Autoridad sin autoritarismo

Se ha escrito mucho sobre la crisis de autoridad que sufren los maestros, aunque la recuperación de la autoridad perdida no debe confundirse con la justificación del autoritarismo y de la violencia en las aulas.

Uno de los dramas más acusados de la educación actual es la crisis de autoridad. En los últimos años, se ha escrito cho sobre la crisis de autoridad que sufren los maestros en las aulas, pero también los padres en casa. Existen distintas hipótesis de trabajo, pero no se acaban de identificar las posibles terapéuticas. Muchos maestros de la antigua usanza viven en sus propias carnes el cambio de situación. Décadas atrás, entraban en el aula, todo el mundo se callaba, los alumnos se ponían de pie y, hasta que el maestro no saludaba, nadie se movía.

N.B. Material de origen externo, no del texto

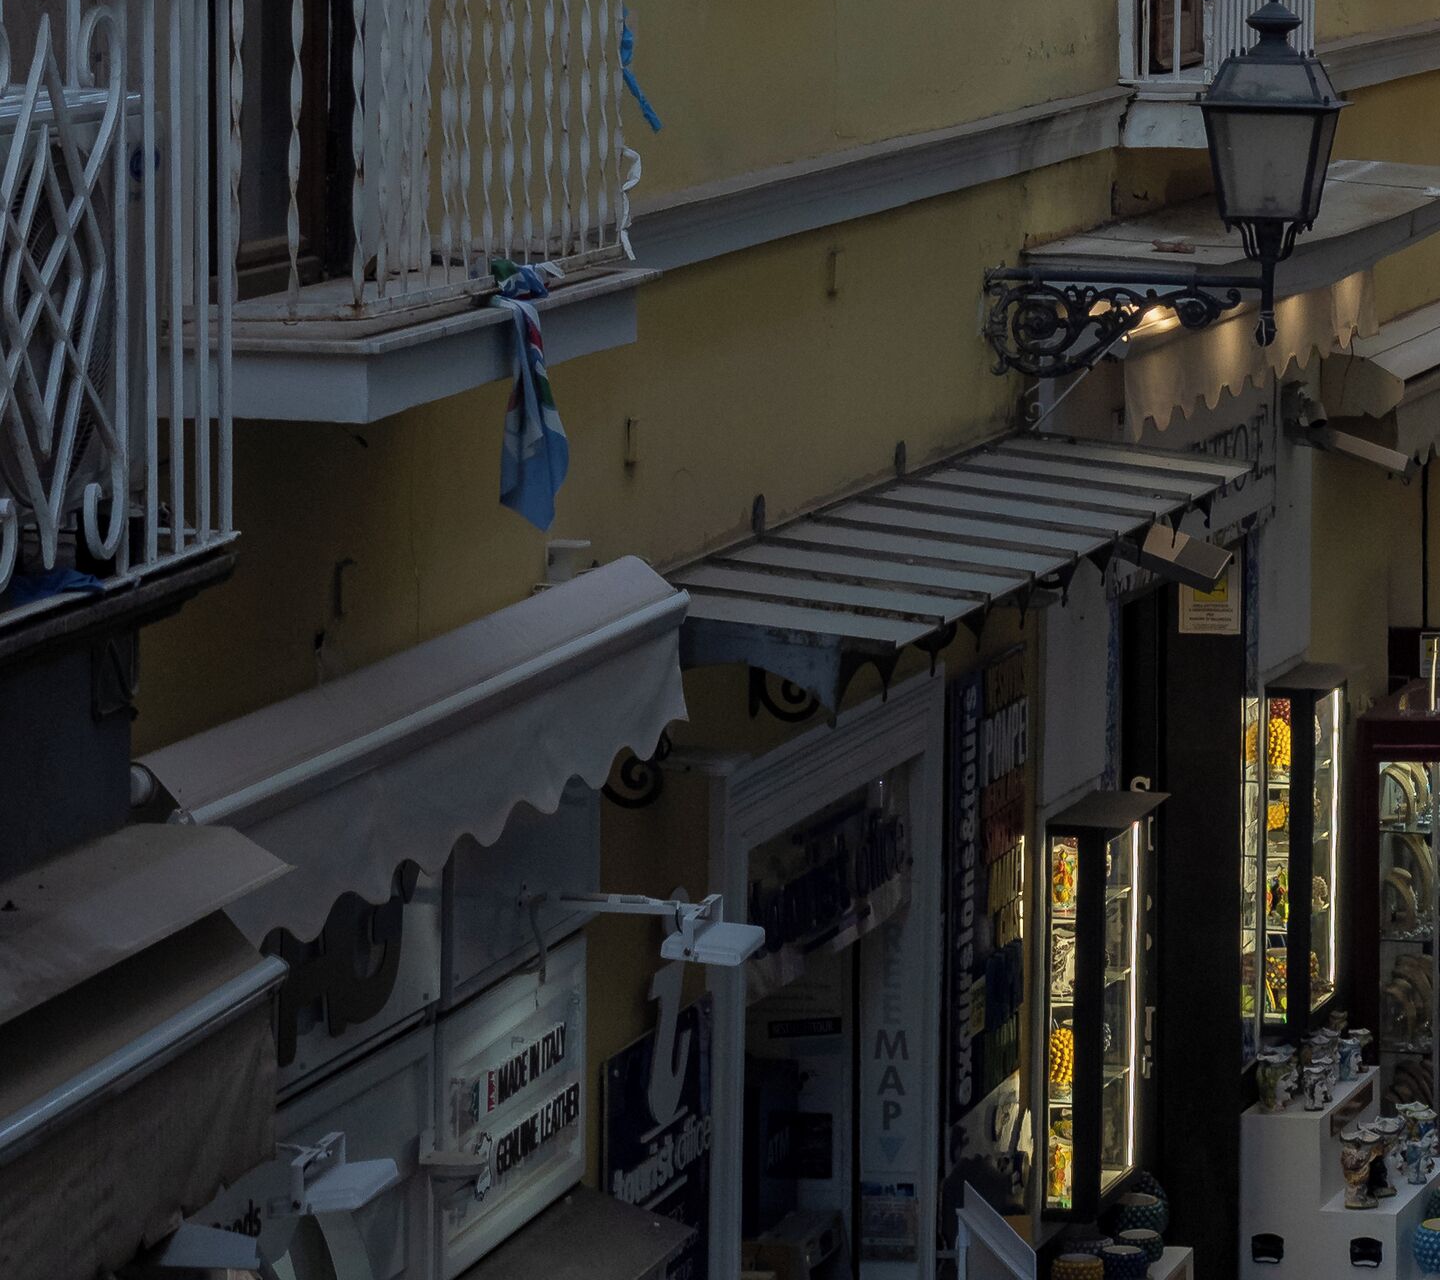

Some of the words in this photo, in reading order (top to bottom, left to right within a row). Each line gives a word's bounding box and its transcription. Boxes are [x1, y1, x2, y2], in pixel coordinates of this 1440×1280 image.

Buenos maestros los hubo en el pasado y también los hay en el presente, pero la crisis de autoridad que padece en la época actual el maestro no es fenómeno puntual, ni fruto de la incompetencia de los maestros noveles. Es un hecho que tiene una dimensión global y sus consecuencias son muy graves, no solo para el maestro, sino, especialmente, para el alumno. Más allá de la mirada nostálgica, lo que debemos hacer es reflexionar sobre las razones del fenómeno y tratar de pensar cómo subsanarlo.

La crisis de autoridad es un fenómeno de gran calado que tiene expresiones de distinta intensidad y gravedad según entornos educativos y áreas sociales, pero es un fenómeno común que exige una reflexión a fondo, pues esta crisis hace imposible el acto educativo. Para aportar algo de luz en este debate, resulta fundamental distinguir entre autoridad y autoritarismo. La crisis de autoridad no se puede identificar, sin más, con la crisis de autoritarismo. La recuperación de la autoridad perdida no debe confundirse, tampoco, con la justificación del autoritarismo en las aulas. No defiendo el autoritarismo, pero sí la autoridad; no creo que se deba recuperar la autoridad mediante el uso de la violencia, de la coacción, del chantaje o de la humillación, pues estos medios no justifican el fin.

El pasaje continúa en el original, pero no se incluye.